[Entries taken from a collection]
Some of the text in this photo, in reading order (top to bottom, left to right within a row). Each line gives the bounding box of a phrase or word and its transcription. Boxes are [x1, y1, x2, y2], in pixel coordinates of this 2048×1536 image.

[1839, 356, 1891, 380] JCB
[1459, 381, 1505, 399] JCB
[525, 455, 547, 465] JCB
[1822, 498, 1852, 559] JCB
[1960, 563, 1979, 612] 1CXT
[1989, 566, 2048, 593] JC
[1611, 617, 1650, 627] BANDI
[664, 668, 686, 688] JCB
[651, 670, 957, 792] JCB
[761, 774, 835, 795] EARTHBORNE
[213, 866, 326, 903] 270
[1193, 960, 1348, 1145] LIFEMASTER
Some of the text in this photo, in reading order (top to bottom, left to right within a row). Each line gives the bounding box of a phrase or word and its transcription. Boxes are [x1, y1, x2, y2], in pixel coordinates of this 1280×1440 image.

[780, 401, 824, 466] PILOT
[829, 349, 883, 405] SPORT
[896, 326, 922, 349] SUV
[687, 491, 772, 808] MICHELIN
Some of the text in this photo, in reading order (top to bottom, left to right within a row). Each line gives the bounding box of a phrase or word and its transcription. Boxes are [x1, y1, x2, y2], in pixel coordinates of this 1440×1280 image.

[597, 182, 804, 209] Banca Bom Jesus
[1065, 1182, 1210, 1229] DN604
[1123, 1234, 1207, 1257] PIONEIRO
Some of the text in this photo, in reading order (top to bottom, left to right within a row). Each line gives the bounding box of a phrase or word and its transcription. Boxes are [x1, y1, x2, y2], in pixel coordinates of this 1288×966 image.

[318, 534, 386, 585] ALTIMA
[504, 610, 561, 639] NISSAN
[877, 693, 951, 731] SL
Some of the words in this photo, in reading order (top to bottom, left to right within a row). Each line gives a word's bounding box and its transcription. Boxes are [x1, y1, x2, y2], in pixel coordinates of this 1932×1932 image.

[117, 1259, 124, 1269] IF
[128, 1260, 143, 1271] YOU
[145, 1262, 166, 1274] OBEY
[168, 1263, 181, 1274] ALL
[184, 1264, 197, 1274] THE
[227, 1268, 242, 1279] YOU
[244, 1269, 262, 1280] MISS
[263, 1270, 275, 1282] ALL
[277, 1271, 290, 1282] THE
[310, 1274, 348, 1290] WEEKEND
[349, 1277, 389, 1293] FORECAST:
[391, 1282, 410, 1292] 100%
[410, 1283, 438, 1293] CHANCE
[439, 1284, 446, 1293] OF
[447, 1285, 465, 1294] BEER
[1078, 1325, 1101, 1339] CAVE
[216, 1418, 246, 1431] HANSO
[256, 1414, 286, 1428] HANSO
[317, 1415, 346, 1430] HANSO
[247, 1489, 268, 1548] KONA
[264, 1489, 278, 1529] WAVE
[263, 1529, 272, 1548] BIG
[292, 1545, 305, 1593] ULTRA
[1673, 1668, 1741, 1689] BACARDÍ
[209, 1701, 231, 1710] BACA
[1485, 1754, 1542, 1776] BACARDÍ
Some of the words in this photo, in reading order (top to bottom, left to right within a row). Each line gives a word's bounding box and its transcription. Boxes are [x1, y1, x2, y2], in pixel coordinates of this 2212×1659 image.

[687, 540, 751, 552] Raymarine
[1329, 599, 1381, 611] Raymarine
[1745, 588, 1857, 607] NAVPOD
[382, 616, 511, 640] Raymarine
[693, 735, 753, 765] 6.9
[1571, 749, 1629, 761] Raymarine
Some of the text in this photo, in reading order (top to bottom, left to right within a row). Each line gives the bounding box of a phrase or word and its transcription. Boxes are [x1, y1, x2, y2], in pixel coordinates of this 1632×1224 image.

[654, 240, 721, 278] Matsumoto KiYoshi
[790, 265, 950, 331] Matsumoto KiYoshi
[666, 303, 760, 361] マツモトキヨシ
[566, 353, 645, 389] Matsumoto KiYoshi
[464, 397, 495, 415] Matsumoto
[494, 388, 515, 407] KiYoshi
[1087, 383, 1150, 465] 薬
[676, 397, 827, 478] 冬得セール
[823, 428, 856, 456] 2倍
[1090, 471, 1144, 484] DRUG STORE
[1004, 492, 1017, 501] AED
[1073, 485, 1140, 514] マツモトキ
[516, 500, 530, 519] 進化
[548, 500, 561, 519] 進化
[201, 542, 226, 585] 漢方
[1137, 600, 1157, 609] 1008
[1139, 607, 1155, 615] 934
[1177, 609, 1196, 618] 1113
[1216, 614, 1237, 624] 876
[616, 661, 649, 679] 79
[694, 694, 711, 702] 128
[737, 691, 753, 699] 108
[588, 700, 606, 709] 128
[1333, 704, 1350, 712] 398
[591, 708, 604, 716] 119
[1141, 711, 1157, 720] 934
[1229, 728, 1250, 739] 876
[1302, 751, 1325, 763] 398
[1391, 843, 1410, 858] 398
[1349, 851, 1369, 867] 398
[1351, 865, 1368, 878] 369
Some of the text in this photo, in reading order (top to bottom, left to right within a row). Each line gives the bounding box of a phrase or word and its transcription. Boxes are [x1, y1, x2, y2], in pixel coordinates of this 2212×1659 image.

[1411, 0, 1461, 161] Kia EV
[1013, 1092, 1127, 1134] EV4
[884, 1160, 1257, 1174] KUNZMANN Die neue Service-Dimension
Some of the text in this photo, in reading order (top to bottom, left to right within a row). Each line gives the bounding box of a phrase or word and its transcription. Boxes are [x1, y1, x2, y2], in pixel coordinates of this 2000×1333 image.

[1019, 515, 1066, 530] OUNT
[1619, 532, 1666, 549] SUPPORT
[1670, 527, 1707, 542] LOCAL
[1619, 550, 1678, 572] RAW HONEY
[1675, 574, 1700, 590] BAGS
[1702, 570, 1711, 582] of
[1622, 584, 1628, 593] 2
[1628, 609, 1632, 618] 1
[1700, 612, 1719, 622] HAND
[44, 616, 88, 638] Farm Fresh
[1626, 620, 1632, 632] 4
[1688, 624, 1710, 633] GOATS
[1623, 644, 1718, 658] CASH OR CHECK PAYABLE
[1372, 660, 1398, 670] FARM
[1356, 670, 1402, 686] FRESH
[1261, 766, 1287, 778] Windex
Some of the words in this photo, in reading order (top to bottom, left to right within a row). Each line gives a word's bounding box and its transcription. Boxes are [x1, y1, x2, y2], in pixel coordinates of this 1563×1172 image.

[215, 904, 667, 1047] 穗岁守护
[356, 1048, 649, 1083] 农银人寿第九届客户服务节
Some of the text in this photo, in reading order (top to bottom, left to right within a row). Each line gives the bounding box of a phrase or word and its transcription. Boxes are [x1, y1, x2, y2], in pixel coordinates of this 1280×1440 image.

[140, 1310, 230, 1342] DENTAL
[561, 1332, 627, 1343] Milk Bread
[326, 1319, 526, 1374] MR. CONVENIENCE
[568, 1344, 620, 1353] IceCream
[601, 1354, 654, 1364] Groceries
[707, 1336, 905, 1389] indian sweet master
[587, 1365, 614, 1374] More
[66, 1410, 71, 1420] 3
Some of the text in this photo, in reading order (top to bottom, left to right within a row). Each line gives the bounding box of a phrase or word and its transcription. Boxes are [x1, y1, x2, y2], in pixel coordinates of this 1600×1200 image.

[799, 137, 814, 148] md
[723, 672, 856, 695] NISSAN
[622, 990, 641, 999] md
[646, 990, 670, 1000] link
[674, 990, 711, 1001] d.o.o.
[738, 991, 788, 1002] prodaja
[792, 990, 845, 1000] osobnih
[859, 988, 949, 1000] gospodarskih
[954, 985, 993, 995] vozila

= ACTION ITEM =
Word for word, write out all the lines shown above.

= ANSWER TO THIS EXERCISE =
Some of the text in this photo, in reading order (top to bottom, left to right within a row). Each line gives the bounding box of a phrase or word and its transcription. Boxes are [x1, y1, x2, y2], in pixel coordinates of this 2048×1536 image.

[1839, 356, 1891, 380] JCB
[1459, 381, 1505, 399] JCB
[525, 455, 547, 465] JCB
[1822, 498, 1852, 559] JCB
[1960, 563, 1979, 612] 1CXT
[1989, 566, 2048, 593] JC
[1611, 617, 1650, 627] BANDI
[664, 668, 686, 688] JCB
[651, 670, 957, 792] JCB
[761, 774, 835, 795] EARTHBORNE
[213, 866, 326, 903] 270
[1193, 960, 1348, 1145] LIFEMASTER
Some of the text in this photo, in reading order (top to bottom, left to right within a row). Each line gives the bounding box of a phrase or word and its transcription. Boxes are [x1, y1, x2, y2], in pixel coordinates of this 1280×1440 image.

[780, 401, 824, 466] PILOT
[829, 349, 883, 405] SPORT
[896, 326, 922, 349] SUV
[687, 491, 772, 808] MICHELIN
Some of the text in this photo, in reading order (top to bottom, left to right within a row). Each line gives the bounding box of a phrase or word and its transcription. Boxes are [x1, y1, x2, y2], in pixel coordinates of this 1440×1280 image.

[597, 182, 804, 209] Banca Bom Jesus
[1065, 1182, 1210, 1229] DN604
[1123, 1234, 1207, 1257] PIONEIRO
Some of the text in this photo, in reading order (top to bottom, left to right within a row). Each line gives the bounding box of a phrase or word and its transcription. Boxes are [x1, y1, x2, y2], in pixel coordinates of this 1288×966 image.

[318, 534, 386, 585] ALTIMA
[504, 610, 561, 639] NISSAN
[877, 693, 951, 731] SL
Some of the words in this photo, in reading order (top to bottom, left to right within a row). Each line gives a word's bounding box and its transcription. Boxes are [x1, y1, x2, y2], in pixel coordinates of this 1932×1932 image.

[117, 1259, 124, 1269] IF
[128, 1260, 143, 1271] YOU
[145, 1262, 166, 1274] OBEY
[168, 1263, 181, 1274] ALL
[184, 1264, 197, 1274] THE
[227, 1268, 242, 1279] YOU
[244, 1269, 262, 1280] MISS
[263, 1270, 275, 1282] ALL
[277, 1271, 290, 1282] THE
[310, 1274, 348, 1290] WEEKEND
[349, 1277, 389, 1293] FORECAST:
[391, 1282, 410, 1292] 100%
[410, 1283, 438, 1293] CHANCE
[439, 1284, 446, 1293] OF
[447, 1285, 465, 1294] BEER
[1078, 1325, 1101, 1339] CAVE
[216, 1418, 246, 1431] HANSO
[256, 1414, 286, 1428] HANSO
[317, 1415, 346, 1430] HANSO
[247, 1489, 268, 1548] KONA
[264, 1489, 278, 1529] WAVE
[263, 1529, 272, 1548] BIG
[292, 1545, 305, 1593] ULTRA
[1673, 1668, 1741, 1689] BACARDÍ
[209, 1701, 231, 1710] BACA
[1485, 1754, 1542, 1776] BACARDÍ
Some of the words in this photo, in reading order (top to bottom, left to right within a row). Each line gives a word's bounding box and its transcription. Boxes are [x1, y1, x2, y2], in pixel coordinates of this 2212×1659 image.

[687, 540, 751, 552] Raymarine
[1329, 599, 1381, 611] Raymarine
[1745, 588, 1857, 607] NAVPOD
[382, 616, 511, 640] Raymarine
[693, 735, 753, 765] 6.9
[1571, 749, 1629, 761] Raymarine
Some of the text in this photo, in reading order (top to bottom, left to right within a row). Each line gives the bounding box of a phrase or word and its transcription. Boxes are [x1, y1, x2, y2], in pixel coordinates of this 1632×1224 image.

[654, 240, 721, 278] Matsumoto KiYoshi
[790, 265, 950, 331] Matsumoto KiYoshi
[666, 303, 760, 361] マツモトキヨシ
[566, 353, 645, 389] Matsumoto KiYoshi
[464, 397, 495, 415] Matsumoto
[494, 388, 515, 407] KiYoshi
[1087, 383, 1150, 465] 薬
[676, 397, 827, 478] 冬得セール
[823, 428, 856, 456] 2倍
[1090, 471, 1144, 484] DRUG STORE
[1004, 492, 1017, 501] AED
[1073, 485, 1140, 514] マツモトキ
[516, 500, 530, 519] 進化
[548, 500, 561, 519] 進化
[201, 542, 226, 585] 漢方
[1137, 600, 1157, 609] 1008
[1139, 607, 1155, 615] 934
[1177, 609, 1196, 618] 1113
[1216, 614, 1237, 624] 876
[616, 661, 649, 679] 79
[694, 694, 711, 702] 128
[737, 691, 753, 699] 108
[588, 700, 606, 709] 128
[1333, 704, 1350, 712] 398
[591, 708, 604, 716] 119
[1141, 711, 1157, 720] 934
[1229, 728, 1250, 739] 876
[1302, 751, 1325, 763] 398
[1391, 843, 1410, 858] 398
[1349, 851, 1369, 867] 398
[1351, 865, 1368, 878] 369
Some of the text in this photo, in reading order (top to bottom, left to right within a row). Each line gives the bounding box of a phrase or word and its transcription. Boxes are [x1, y1, x2, y2], in pixel coordinates of this 2212×1659 image.

[1411, 0, 1461, 161] Kia EV
[1013, 1092, 1127, 1134] EV4
[884, 1160, 1257, 1174] KUNZMANN Die neue Service-Dimension
Some of the text in this photo, in reading order (top to bottom, left to right within a row). Each line gives the bounding box of a phrase or word and its transcription. Boxes are [x1, y1, x2, y2], in pixel coordinates of this 2000×1333 image.

[1019, 515, 1066, 530] OUNT
[1619, 532, 1666, 549] SUPPORT
[1670, 527, 1707, 542] LOCAL
[1619, 550, 1678, 572] RAW HONEY
[1675, 574, 1700, 590] BAGS
[1702, 570, 1711, 582] of
[1622, 584, 1628, 593] 2
[1628, 609, 1632, 618] 1
[1700, 612, 1719, 622] HAND
[44, 616, 88, 638] Farm Fresh
[1626, 620, 1632, 632] 4
[1688, 624, 1710, 633] GOATS
[1623, 644, 1718, 658] CASH OR CHECK PAYABLE
[1372, 660, 1398, 670] FARM
[1356, 670, 1402, 686] FRESH
[1261, 766, 1287, 778] Windex
Some of the words in this photo, in reading order (top to bottom, left to right within a row). Each line gives a word's bounding box and its transcription. Boxes are [x1, y1, x2, y2], in pixel coordinates of this 1563×1172 image.

[215, 904, 667, 1047] 穗岁守护
[356, 1048, 649, 1083] 农银人寿第九届客户服务节
Some of the text in this photo, in reading order (top to bottom, left to right within a row). Each line gives the bounding box of a phrase or word and its transcription. Boxes are [x1, y1, x2, y2], in pixel coordinates of this 1280×1440 image.

[140, 1310, 230, 1342] DENTAL
[561, 1332, 627, 1343] Milk Bread
[326, 1319, 526, 1374] MR. CONVENIENCE
[568, 1344, 620, 1353] IceCream
[601, 1354, 654, 1364] Groceries
[707, 1336, 905, 1389] indian sweet master
[587, 1365, 614, 1374] More
[66, 1410, 71, 1420] 3
Some of the text in this photo, in reading order (top to bottom, left to right within a row). Each line gives the bounding box of a phrase or word and its transcription. Boxes are [x1, y1, x2, y2], in pixel coordinates of this 1600×1200 image.

[799, 137, 814, 148] md
[723, 672, 856, 695] NISSAN
[622, 990, 641, 999] md
[646, 990, 670, 1000] link
[674, 990, 711, 1001] d.o.o.
[738, 991, 788, 1002] prodaja
[792, 990, 845, 1000] osobnih
[859, 988, 949, 1000] gospodarskih
[954, 985, 993, 995] vozila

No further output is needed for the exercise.